* _The problem_:
The reply should repeat all of the data word for word, with no pictures.

[Stored data entries]
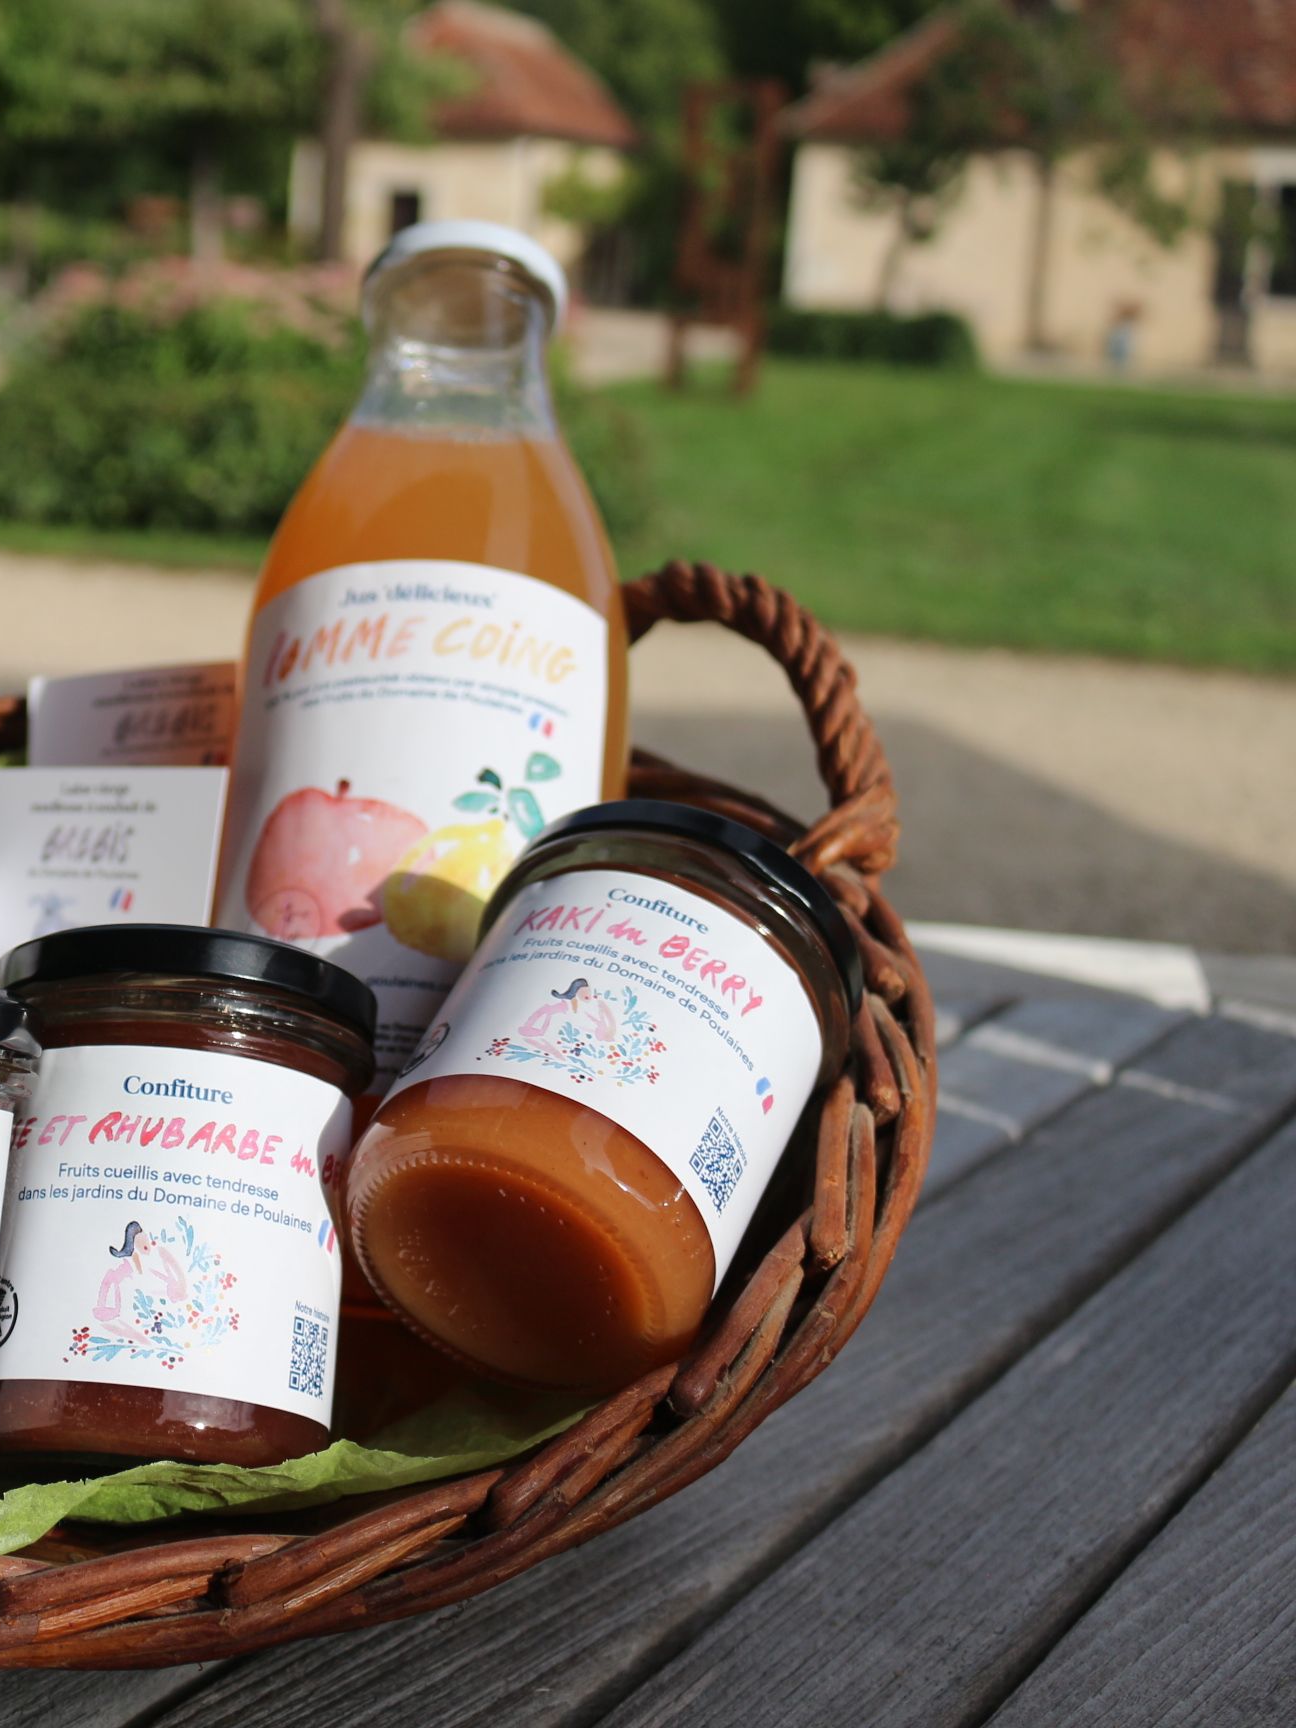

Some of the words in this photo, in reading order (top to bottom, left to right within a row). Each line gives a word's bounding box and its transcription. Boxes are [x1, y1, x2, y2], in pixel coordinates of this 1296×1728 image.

[607, 887, 709, 935] Confiture
[522, 936, 564, 949] Fruits
[566, 940, 619, 959] cueillis
[621, 953, 659, 974] avec
[661, 969, 730, 1021] tendresse
[659, 935, 763, 1017] BERRY
[527, 949, 580, 963] jardins
[583, 956, 604, 970] du
[607, 961, 676, 999] Domaine
[678, 997, 697, 1014] de
[700, 1009, 754, 1072] Poulaines
[123, 1075, 233, 1104] Confiture
[38, 1114, 88, 1146] ET
[88, 1111, 284, 1165] RHUBARBE
[716, 1106, 733, 1133] Notre
[58, 1162, 100, 1178] Fruits
[103, 1165, 159, 1181] cueillis
[163, 1170, 202, 1186] avec
[206, 1174, 279, 1201] tendresse
[18, 1186, 46, 1201] dans
[49, 1184, 69, 1199] les
[71, 1184, 123, 1202] jardins
[127, 1186, 148, 1201] du
[154, 1187, 227, 1211] Domaine
[230, 1200, 250, 1216] de
[254, 1203, 312, 1233] Poulaines
[295, 1300, 313, 1316] Notre

* _Answer area_:
Some of the words in this photo, in reading order (top to bottom, left to right within a row). Each line gives a word's bounding box and its transcription. Boxes are [x1, y1, x2, y2], in pixel coordinates of this 1296×1728 image.

[607, 887, 709, 935] Confiture
[522, 936, 564, 949] Fruits
[566, 940, 619, 959] cueillis
[621, 953, 659, 974] avec
[661, 969, 730, 1021] tendresse
[659, 935, 763, 1017] BERRY
[527, 949, 580, 963] jardins
[583, 956, 604, 970] du
[607, 961, 676, 999] Domaine
[678, 997, 697, 1014] de
[700, 1009, 754, 1072] Poulaines
[123, 1075, 233, 1104] Confiture
[38, 1114, 88, 1146] ET
[88, 1111, 284, 1165] RHUBARBE
[716, 1106, 733, 1133] Notre
[58, 1162, 100, 1178] Fruits
[103, 1165, 159, 1181] cueillis
[163, 1170, 202, 1186] avec
[206, 1174, 279, 1201] tendresse
[18, 1186, 46, 1201] dans
[49, 1184, 69, 1199] les
[71, 1184, 123, 1202] jardins
[127, 1186, 148, 1201] du
[154, 1187, 227, 1211] Domaine
[230, 1200, 250, 1216] de
[254, 1203, 312, 1233] Poulaines
[295, 1300, 313, 1316] Notre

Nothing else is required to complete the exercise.